• Instructions for the task: What is needed is an exact copy of the whole listing below, with no pictures.

• Given data:
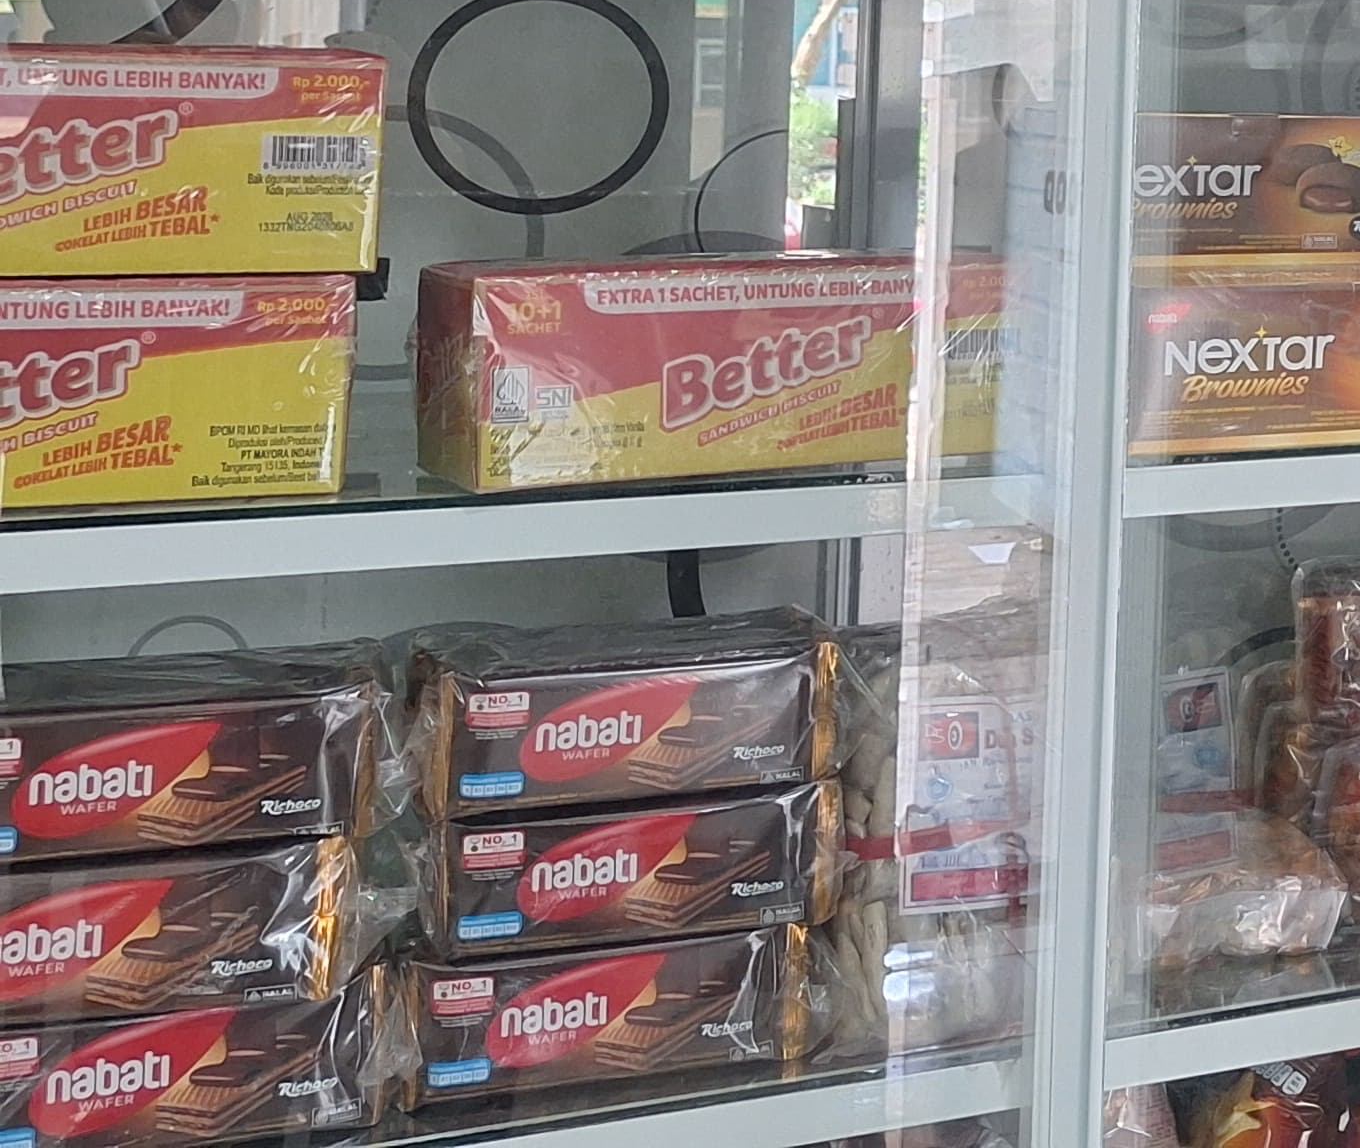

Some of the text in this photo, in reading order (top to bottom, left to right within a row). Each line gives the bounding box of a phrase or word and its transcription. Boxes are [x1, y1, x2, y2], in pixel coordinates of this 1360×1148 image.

[18, 68, 108, 88] UUNG
[114, 69, 175, 89] LEBIH
[178, 71, 266, 90] BANYAK!
[63, 180, 137, 212] BISCUIT
[84, 185, 208, 232] LEBIH BESAR
[55, 233, 110, 252] COKELAT
[111, 226, 146, 242] LEBIH
[597, 279, 916, 305] EXTRA 1 SACHET, UNTUNG LEBIH BANY
[75, 300, 135, 319] LEBIH
[141, 298, 231, 318] BANYAK!
[507, 323, 562, 335] SACHET
[663, 316, 870, 430] Better
[536, 387, 571, 407] SNI
[1181, 373, 1309, 404] Brownies
[698, 380, 842, 447] SANDWICH BISCUIT
[22, 411, 99, 446] BISCUIT
[43, 439, 92, 467] LEBIH
[96, 415, 172, 454] BESAR
[14, 465, 69, 489] COKELAT
[72, 457, 107, 476] LEBIH
[535, 710, 642, 753] nabati
[562, 748, 611, 761] WAFER
[733, 743, 786, 761] Richoco
[28, 759, 154, 806] nabati
[60, 801, 117, 817] WAFER
[261, 798, 322, 816] Richoco
[531, 848, 639, 893] nabati
[557, 885, 608, 902] WAFER
[731, 880, 784, 897] Richoco
[8, 961, 65, 978] WAFER
[211, 958, 274, 975] Richoco
[501, 991, 608, 1039] nabati
[528, 1030, 578, 1048] WAFER
[46, 1050, 171, 1105] nabati
[278, 1076, 339, 1096] Richoco
[78, 1094, 135, 1115] WAFER

• Solution to this exercise:
Some of the text in this photo, in reading order (top to bottom, left to right within a row). Each line gives the bounding box of a phrase or word and its transcription. Boxes are [x1, y1, x2, y2], in pixel coordinates of this 1360×1148 image.

[18, 68, 108, 88] UUNG
[114, 69, 175, 89] LEBIH
[178, 71, 266, 90] BANYAK!
[63, 180, 137, 212] BISCUIT
[84, 185, 208, 232] LEBIH BESAR
[55, 233, 110, 252] COKELAT
[111, 226, 146, 242] LEBIH
[597, 279, 916, 305] EXTRA 1 SACHET, UNTUNG LEBIH BANY
[75, 300, 135, 319] LEBIH
[141, 298, 231, 318] BANYAK!
[507, 323, 562, 335] SACHET
[663, 316, 870, 430] Better
[536, 387, 571, 407] SNI
[1181, 373, 1309, 404] Brownies
[698, 380, 842, 447] SANDWICH BISCUIT
[22, 411, 99, 446] BISCUIT
[43, 439, 92, 467] LEBIH
[96, 415, 172, 454] BESAR
[14, 465, 69, 489] COKELAT
[72, 457, 107, 476] LEBIH
[535, 710, 642, 753] nabati
[562, 748, 611, 761] WAFER
[733, 743, 786, 761] Richoco
[28, 759, 154, 806] nabati
[60, 801, 117, 817] WAFER
[261, 798, 322, 816] Richoco
[531, 848, 639, 893] nabati
[557, 885, 608, 902] WAFER
[731, 880, 784, 897] Richoco
[8, 961, 65, 978] WAFER
[211, 958, 274, 975] Richoco
[501, 991, 608, 1039] nabati
[528, 1030, 578, 1048] WAFER
[46, 1050, 171, 1105] nabati
[278, 1076, 339, 1096] Richoco
[78, 1094, 135, 1115] WAFER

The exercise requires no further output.